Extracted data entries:

====================

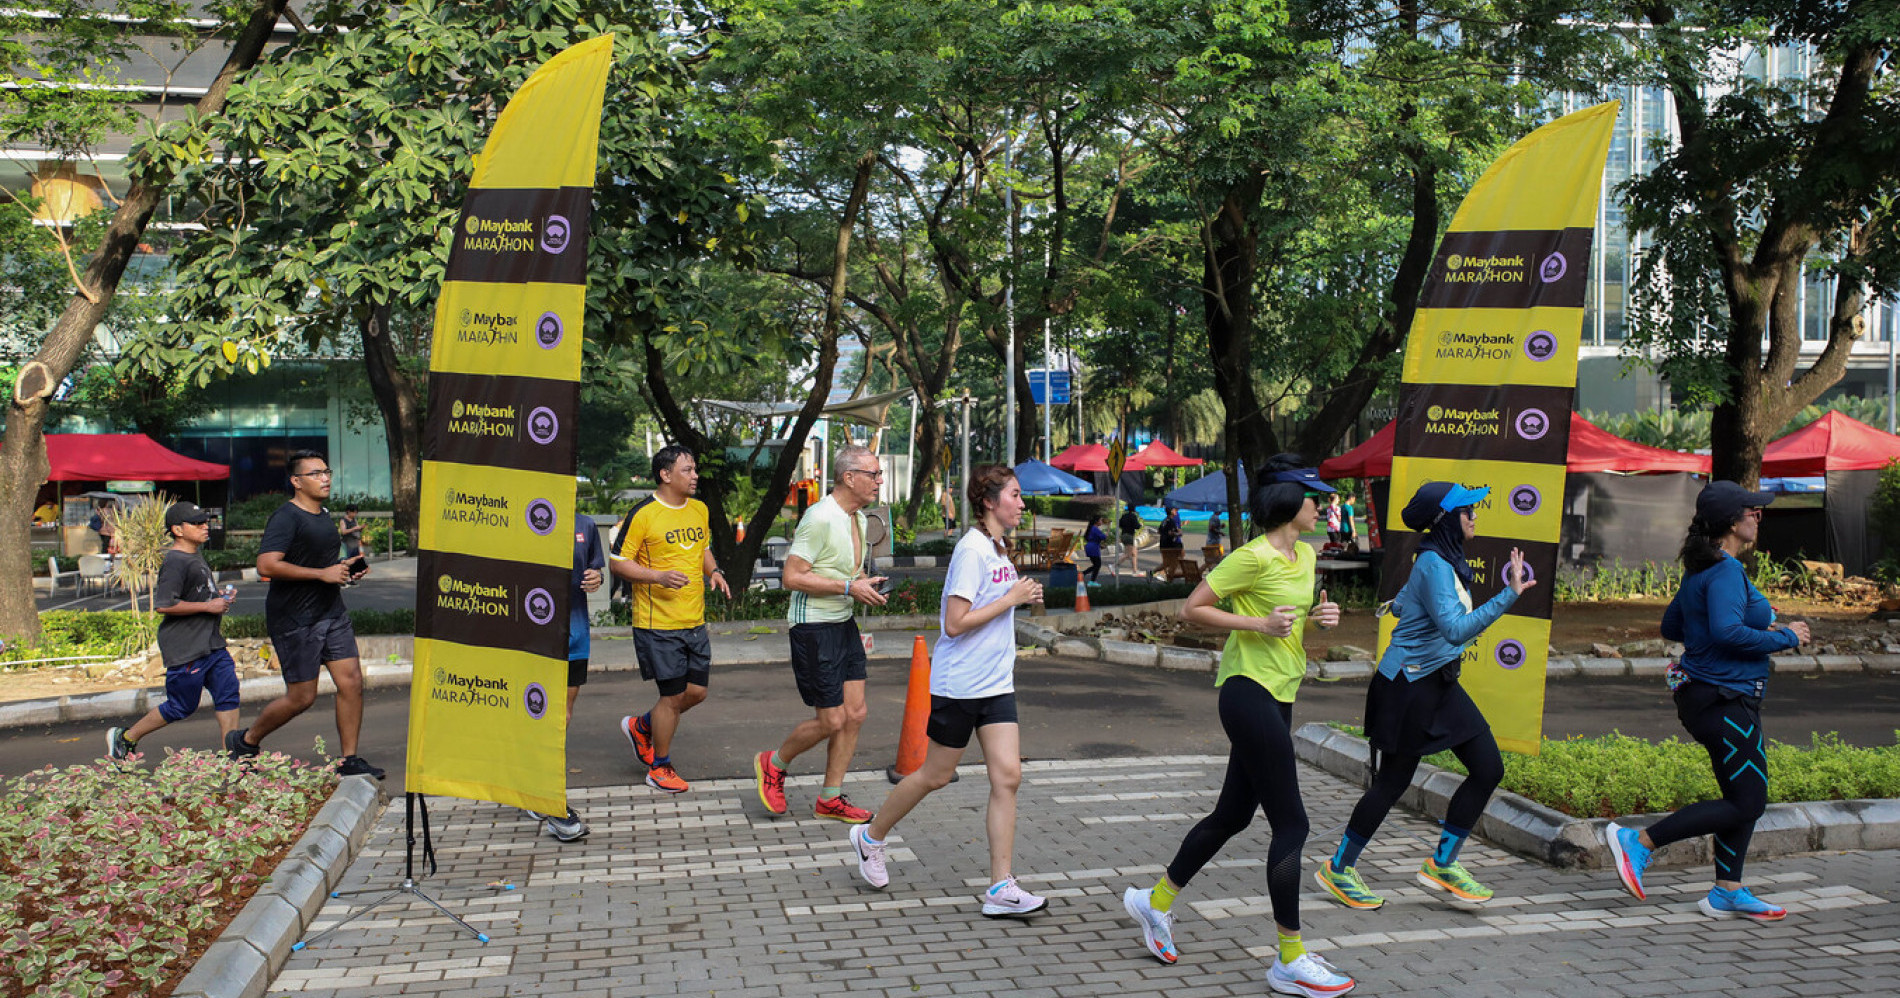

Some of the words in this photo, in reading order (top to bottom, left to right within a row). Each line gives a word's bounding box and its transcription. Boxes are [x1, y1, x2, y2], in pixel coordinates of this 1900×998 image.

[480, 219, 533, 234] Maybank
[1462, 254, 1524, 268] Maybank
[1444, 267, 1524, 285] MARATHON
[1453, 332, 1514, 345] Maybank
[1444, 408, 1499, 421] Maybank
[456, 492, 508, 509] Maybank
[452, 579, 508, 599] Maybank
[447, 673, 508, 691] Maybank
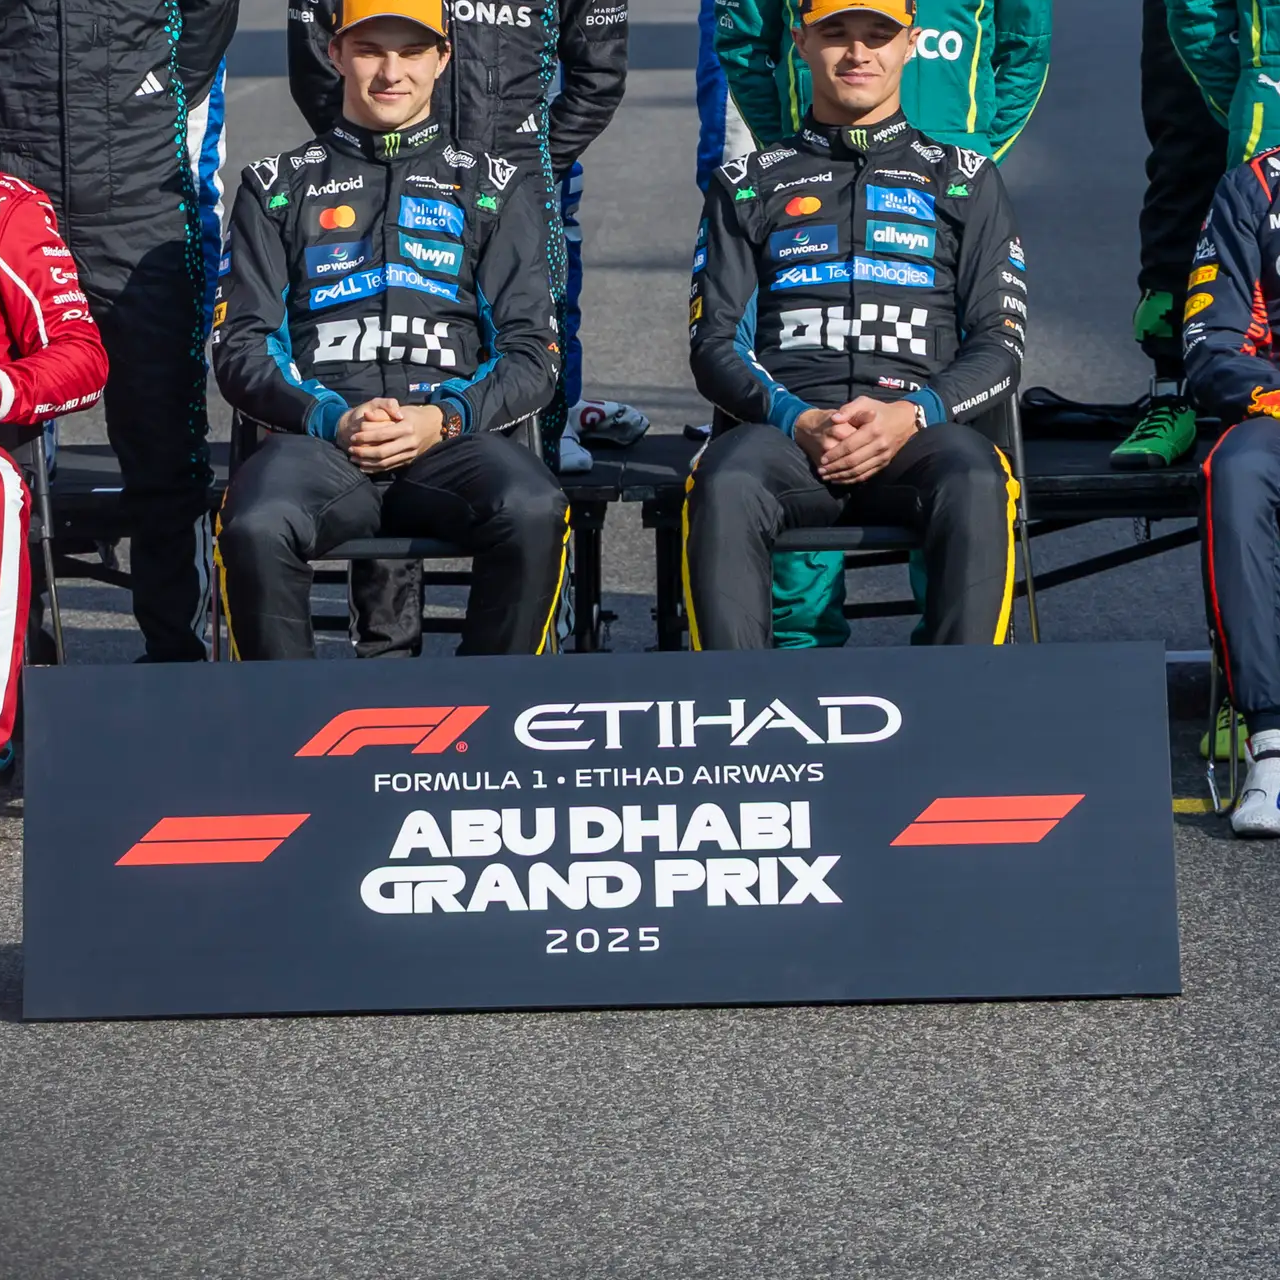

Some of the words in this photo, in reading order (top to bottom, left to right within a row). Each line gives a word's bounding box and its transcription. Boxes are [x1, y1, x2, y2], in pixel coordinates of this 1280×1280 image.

====================

● What to do: Give the data above again in full and unchanged, skipping the pictures.

● Output of the exercise:
Some of the words in this photo, in reading order (top to bottom, left to right within a row). Each line gives a word's bounding box and its transcription. Boxes are [x1, y1, x2, y2], in pixel coordinates of this 1900×998 image.

[480, 219, 533, 234] Maybank
[1462, 254, 1524, 268] Maybank
[1444, 267, 1524, 285] MARATHON
[1453, 332, 1514, 345] Maybank
[1444, 408, 1499, 421] Maybank
[456, 492, 508, 509] Maybank
[452, 579, 508, 599] Maybank
[447, 673, 508, 691] Maybank

Some of the words in this photo, in reading order (top to bottom, left to right within a row). Each line gives a word's bounding box and its transcription. Boxes are [x1, y1, x2, y2], in pixel coordinates of this 1280×1280 image.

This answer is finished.